START Material for this exercise

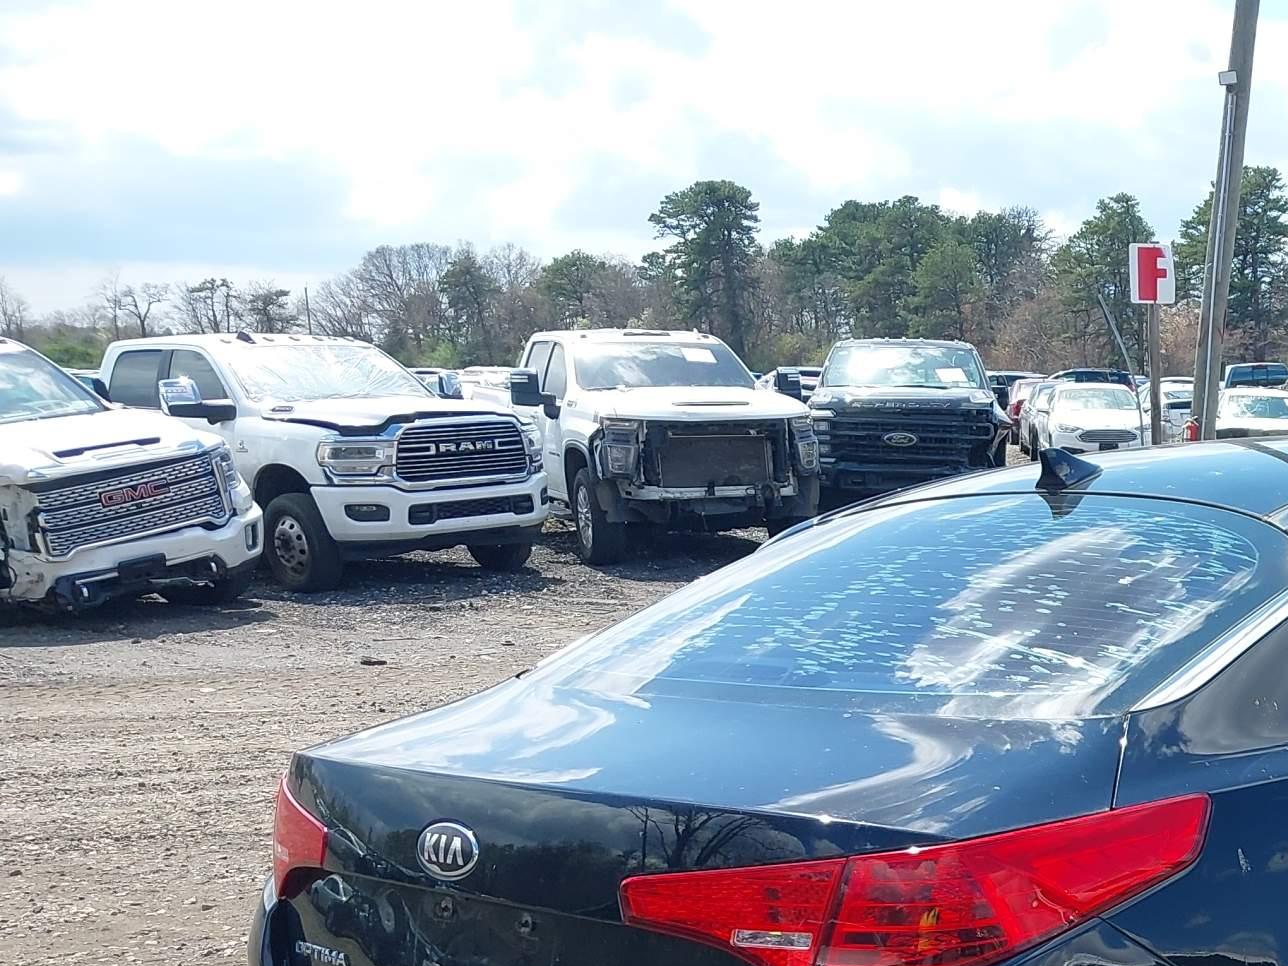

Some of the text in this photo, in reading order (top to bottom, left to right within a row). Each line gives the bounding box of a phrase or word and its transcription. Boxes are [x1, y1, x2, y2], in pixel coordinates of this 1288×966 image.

[1137, 247, 1167, 301] F
[439, 440, 493, 452] RAM
[101, 480, 169, 506] GMC
[424, 832, 464, 866] KIA

END Material for this exercise

> Task statement:
Word for word and without any pictures, return all of the lines above.

> Solution to this exercise:
Some of the text in this photo, in reading order (top to bottom, left to right within a row). Each line gives the bounding box of a phrase or word and its transcription. Boxes are [x1, y1, x2, y2], in pixel coordinates of this 1288×966 image.

[1137, 247, 1167, 301] F
[439, 440, 493, 452] RAM
[101, 480, 169, 506] GMC
[424, 832, 464, 866] KIA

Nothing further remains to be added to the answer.